Levando Pedro consigo, André conduziu ao Senhor o seu irmão segundo a natureza e o sangue, para que se tornasse discípulo como ele; é a primeira gesta de André. Ele fez crescer o número dos discípulos: juntou-lhe Pedro, em quem Cristo encontraria o chefe dos seus discípulos. Isto é de tal maneira verdade que quando, mais tarde, Pedro tiver uma conduta admirável, devê-lo-á ao que André tinha semeado. O louvor dirigido a um recai igualmente sobre o outro, pois os bens de um pertencem ao outro e um glorifica-se com os méritos do outro.

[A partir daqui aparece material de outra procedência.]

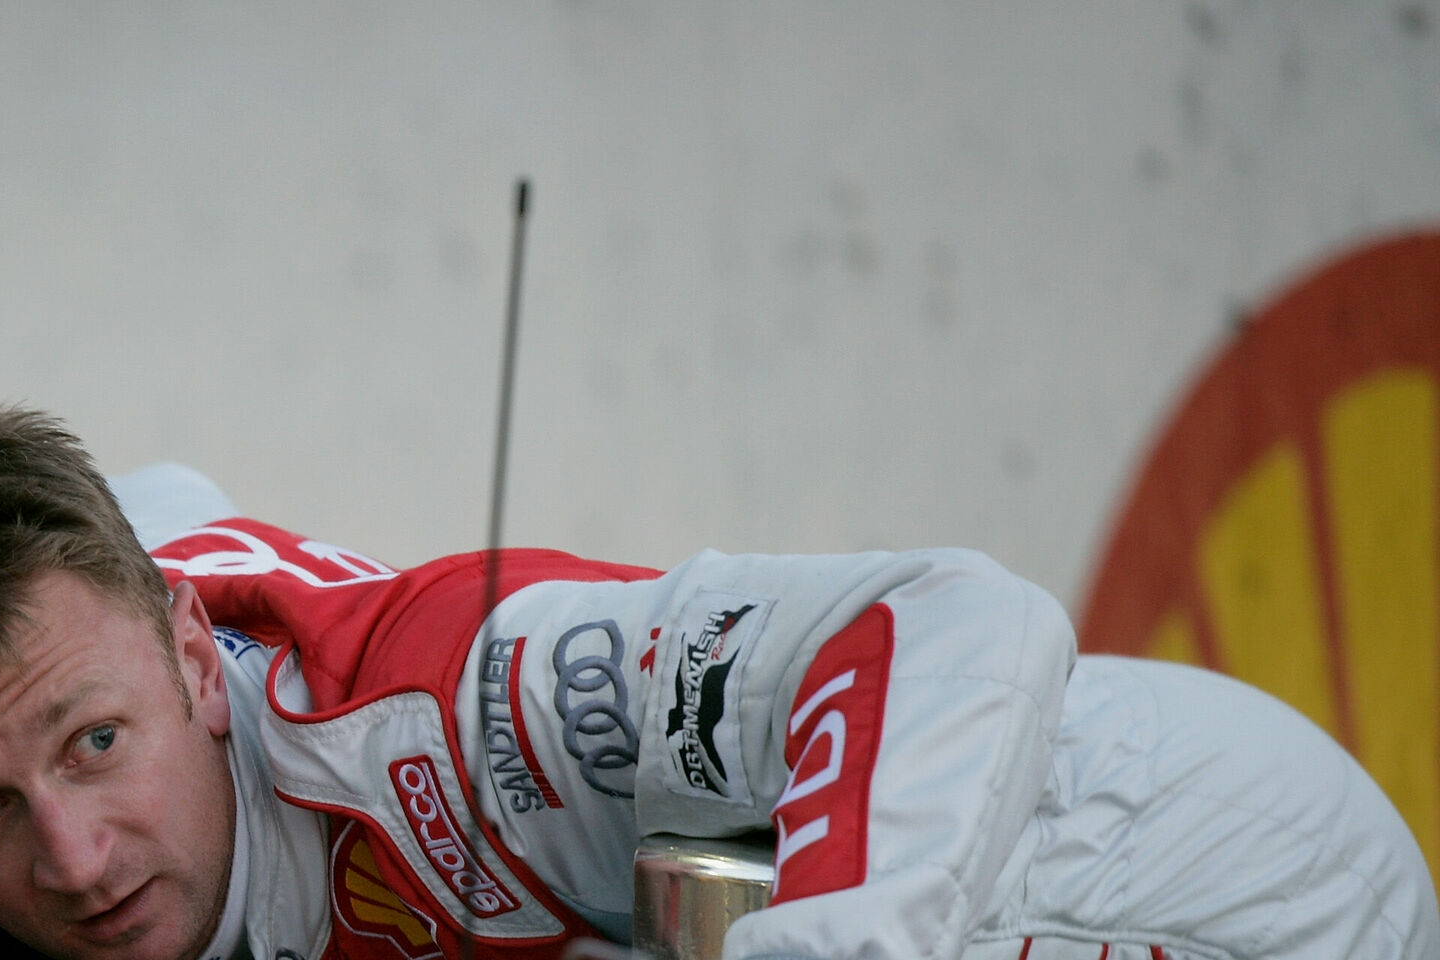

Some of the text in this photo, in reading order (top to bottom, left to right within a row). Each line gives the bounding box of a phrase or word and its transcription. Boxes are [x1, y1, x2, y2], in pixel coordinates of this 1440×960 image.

Que alegria Pedro trouxe a todos quando respondeu de imediato à pergunta do Senhor, quebrando o silêncio embaraçado dos discípulos! […] Só Pedro pronunciou estas palavras: «Tu és o Messias, o Filho de Deus vivo» (Mt 16,16). Falando em nome de todos, numa frase, proclamou o Salvador e o seu desígnio de salvação. Como esta proclamação se conjuga bem com a de André! As palavras que André tinha dito a Pedro, quando o conduzira a Cristo – «Encontrámos o Messias» – confirma-as o Pai celeste, ao inspirá-las a Pedro (Mt 16,17): «Tu és o Messias, o Filho de Deus vivo.»